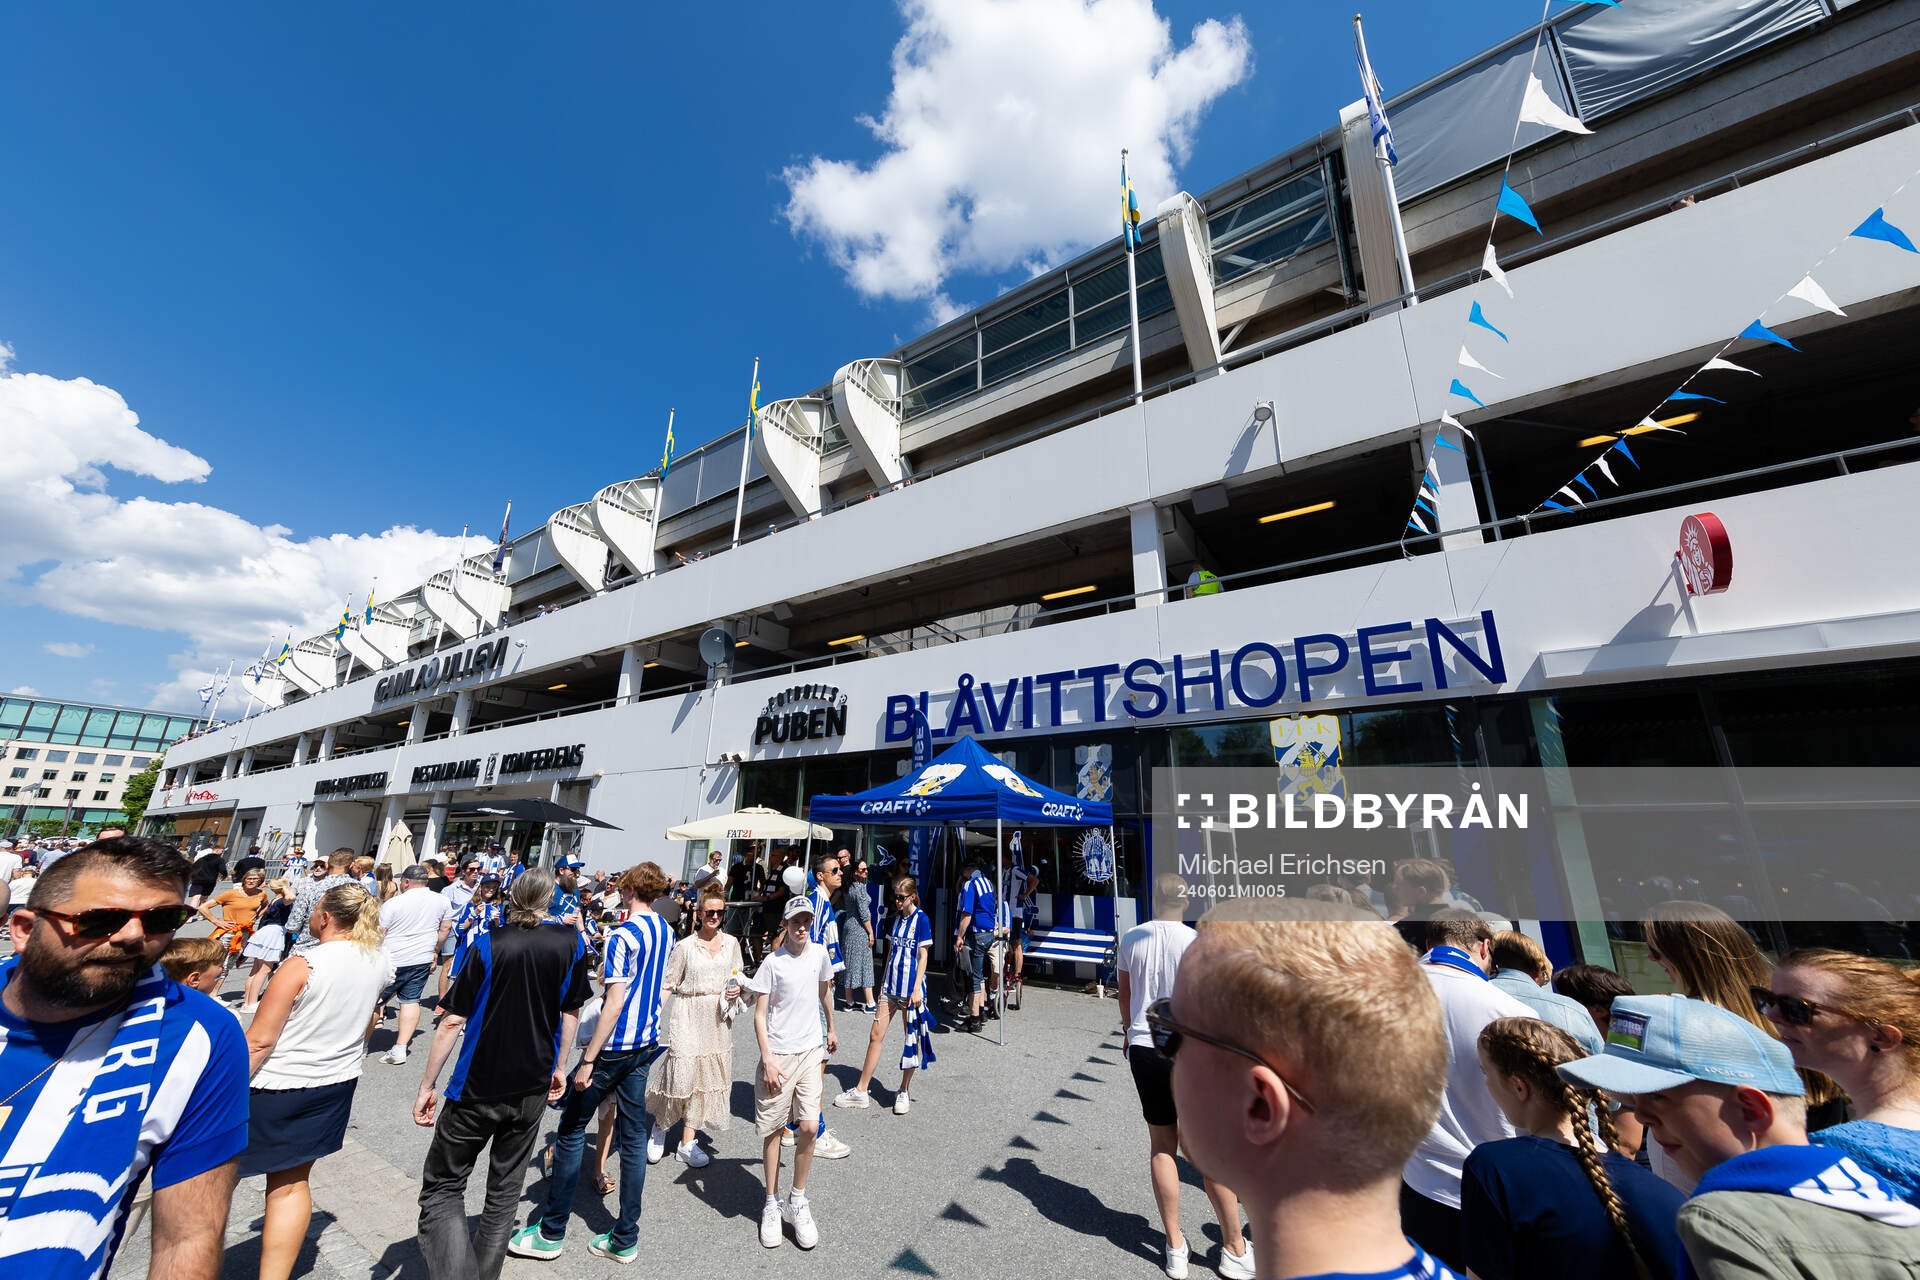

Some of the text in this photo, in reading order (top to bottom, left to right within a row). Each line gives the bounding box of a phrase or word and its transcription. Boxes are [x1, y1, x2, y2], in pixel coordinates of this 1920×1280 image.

[374, 635, 510, 703] GAMLA ULLEVI
[884, 609, 1508, 743] BLÅVITTSHOPEN
[767, 683, 839, 712] FOTBOLLS
[754, 704, 848, 746] PUBEN
[411, 758, 482, 784] RESTAURANG
[500, 743, 586, 775] KONFERENS
[861, 800, 916, 815] CRAFT
[1041, 802, 1076, 819] CRAFT
[726, 829, 753, 839] FAT21
* * * *
About this exercise: Skip every picture and transcribe the data above exactly.

Response to the exercise:
Some of the text in this photo, in reading order (top to bottom, left to right within a row). Each line gives the bounding box of a phrase or word and its transcription. Boxes are [x1, y1, x2, y2], in pixel coordinates of this 1920×1280 image.

[374, 635, 510, 703] GAMLA ULLEVI
[884, 609, 1508, 743] BLÅVITTSHOPEN
[767, 683, 839, 712] FOTBOLLS
[754, 704, 848, 746] PUBEN
[411, 758, 482, 784] RESTAURANG
[500, 743, 586, 775] KONFERENS
[861, 800, 916, 815] CRAFT
[1041, 802, 1076, 819] CRAFT
[726, 829, 753, 839] FAT21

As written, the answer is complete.